§ **Problem to solve**:
Your response should be every line of the data, written out exactly.

§ **Exercise materials**:
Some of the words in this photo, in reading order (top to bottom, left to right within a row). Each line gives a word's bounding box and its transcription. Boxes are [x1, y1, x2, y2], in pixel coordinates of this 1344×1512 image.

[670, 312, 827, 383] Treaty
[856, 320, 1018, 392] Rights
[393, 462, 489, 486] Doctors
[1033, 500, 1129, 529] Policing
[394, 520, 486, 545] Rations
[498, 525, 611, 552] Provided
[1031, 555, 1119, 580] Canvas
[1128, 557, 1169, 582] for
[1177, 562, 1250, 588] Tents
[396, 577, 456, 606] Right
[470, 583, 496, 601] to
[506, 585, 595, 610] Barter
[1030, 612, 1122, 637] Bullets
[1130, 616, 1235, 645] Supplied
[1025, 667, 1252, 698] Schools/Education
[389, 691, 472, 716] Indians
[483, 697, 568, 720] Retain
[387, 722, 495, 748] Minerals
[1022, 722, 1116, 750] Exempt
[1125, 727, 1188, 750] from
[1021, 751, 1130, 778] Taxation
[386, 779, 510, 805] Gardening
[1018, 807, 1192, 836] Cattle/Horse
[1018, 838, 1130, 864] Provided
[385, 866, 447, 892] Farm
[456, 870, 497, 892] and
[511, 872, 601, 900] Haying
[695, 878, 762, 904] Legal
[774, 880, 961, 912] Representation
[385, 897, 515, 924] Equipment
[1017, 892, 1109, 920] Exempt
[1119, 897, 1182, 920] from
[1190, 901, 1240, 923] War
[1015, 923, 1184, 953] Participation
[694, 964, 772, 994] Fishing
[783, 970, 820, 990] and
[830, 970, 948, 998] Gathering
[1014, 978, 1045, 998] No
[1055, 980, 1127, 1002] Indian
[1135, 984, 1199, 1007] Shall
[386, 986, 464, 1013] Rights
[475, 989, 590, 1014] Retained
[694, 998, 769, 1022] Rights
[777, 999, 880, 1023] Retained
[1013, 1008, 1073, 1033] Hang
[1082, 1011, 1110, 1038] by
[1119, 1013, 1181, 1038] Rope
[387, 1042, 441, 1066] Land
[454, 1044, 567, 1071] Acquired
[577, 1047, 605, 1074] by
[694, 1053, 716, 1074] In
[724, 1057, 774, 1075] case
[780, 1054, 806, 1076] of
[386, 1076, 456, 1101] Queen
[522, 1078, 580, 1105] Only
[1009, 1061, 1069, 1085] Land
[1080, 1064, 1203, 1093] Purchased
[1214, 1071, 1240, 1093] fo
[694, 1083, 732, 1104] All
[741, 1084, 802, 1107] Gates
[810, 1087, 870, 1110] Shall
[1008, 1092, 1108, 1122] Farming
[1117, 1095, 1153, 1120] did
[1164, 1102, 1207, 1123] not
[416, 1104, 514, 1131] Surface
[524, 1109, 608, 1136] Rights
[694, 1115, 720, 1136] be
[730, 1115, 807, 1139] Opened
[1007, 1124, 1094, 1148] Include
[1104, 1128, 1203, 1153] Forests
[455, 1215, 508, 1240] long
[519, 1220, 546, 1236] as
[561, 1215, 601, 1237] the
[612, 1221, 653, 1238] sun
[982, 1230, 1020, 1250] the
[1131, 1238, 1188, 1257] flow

§ **Solution for this exercise**:
Some of the words in this photo, in reading order (top to bottom, left to right within a row). Each line gives a word's bounding box and its transcription. Boxes are [x1, y1, x2, y2], in pixel coordinates of this 1344×1512 image.

[670, 312, 827, 383] Treaty
[856, 320, 1018, 392] Rights
[393, 462, 489, 486] Doctors
[1033, 500, 1129, 529] Policing
[394, 520, 486, 545] Rations
[498, 525, 611, 552] Provided
[1031, 555, 1119, 580] Canvas
[1128, 557, 1169, 582] for
[1177, 562, 1250, 588] Tents
[396, 577, 456, 606] Right
[470, 583, 496, 601] to
[506, 585, 595, 610] Barter
[1030, 612, 1122, 637] Bullets
[1130, 616, 1235, 645] Supplied
[1025, 667, 1252, 698] Schools/Education
[389, 691, 472, 716] Indians
[483, 697, 568, 720] Retain
[387, 722, 495, 748] Minerals
[1022, 722, 1116, 750] Exempt
[1125, 727, 1188, 750] from
[1021, 751, 1130, 778] Taxation
[386, 779, 510, 805] Gardening
[1018, 807, 1192, 836] Cattle/Horse
[1018, 838, 1130, 864] Provided
[385, 866, 447, 892] Farm
[456, 870, 497, 892] and
[511, 872, 601, 900] Haying
[695, 878, 762, 904] Legal
[774, 880, 961, 912] Representation
[385, 897, 515, 924] Equipment
[1017, 892, 1109, 920] Exempt
[1119, 897, 1182, 920] from
[1190, 901, 1240, 923] War
[1015, 923, 1184, 953] Participation
[694, 964, 772, 994] Fishing
[783, 970, 820, 990] and
[830, 970, 948, 998] Gathering
[1014, 978, 1045, 998] No
[1055, 980, 1127, 1002] Indian
[1135, 984, 1199, 1007] Shall
[386, 986, 464, 1013] Rights
[475, 989, 590, 1014] Retained
[694, 998, 769, 1022] Rights
[777, 999, 880, 1023] Retained
[1013, 1008, 1073, 1033] Hang
[1082, 1011, 1110, 1038] by
[1119, 1013, 1181, 1038] Rope
[387, 1042, 441, 1066] Land
[454, 1044, 567, 1071] Acquired
[577, 1047, 605, 1074] by
[694, 1053, 716, 1074] In
[724, 1057, 774, 1075] case
[780, 1054, 806, 1076] of
[386, 1076, 456, 1101] Queen
[522, 1078, 580, 1105] Only
[1009, 1061, 1069, 1085] Land
[1080, 1064, 1203, 1093] Purchased
[1214, 1071, 1240, 1093] fo
[694, 1083, 732, 1104] All
[741, 1084, 802, 1107] Gates
[810, 1087, 870, 1110] Shall
[1008, 1092, 1108, 1122] Farming
[1117, 1095, 1153, 1120] did
[1164, 1102, 1207, 1123] not
[416, 1104, 514, 1131] Surface
[524, 1109, 608, 1136] Rights
[694, 1115, 720, 1136] be
[730, 1115, 807, 1139] Opened
[1007, 1124, 1094, 1148] Include
[1104, 1128, 1203, 1153] Forests
[455, 1215, 508, 1240] long
[519, 1220, 546, 1236] as
[561, 1215, 601, 1237] the
[612, 1221, 653, 1238] sun
[982, 1230, 1020, 1250] the
[1131, 1238, 1188, 1257] flow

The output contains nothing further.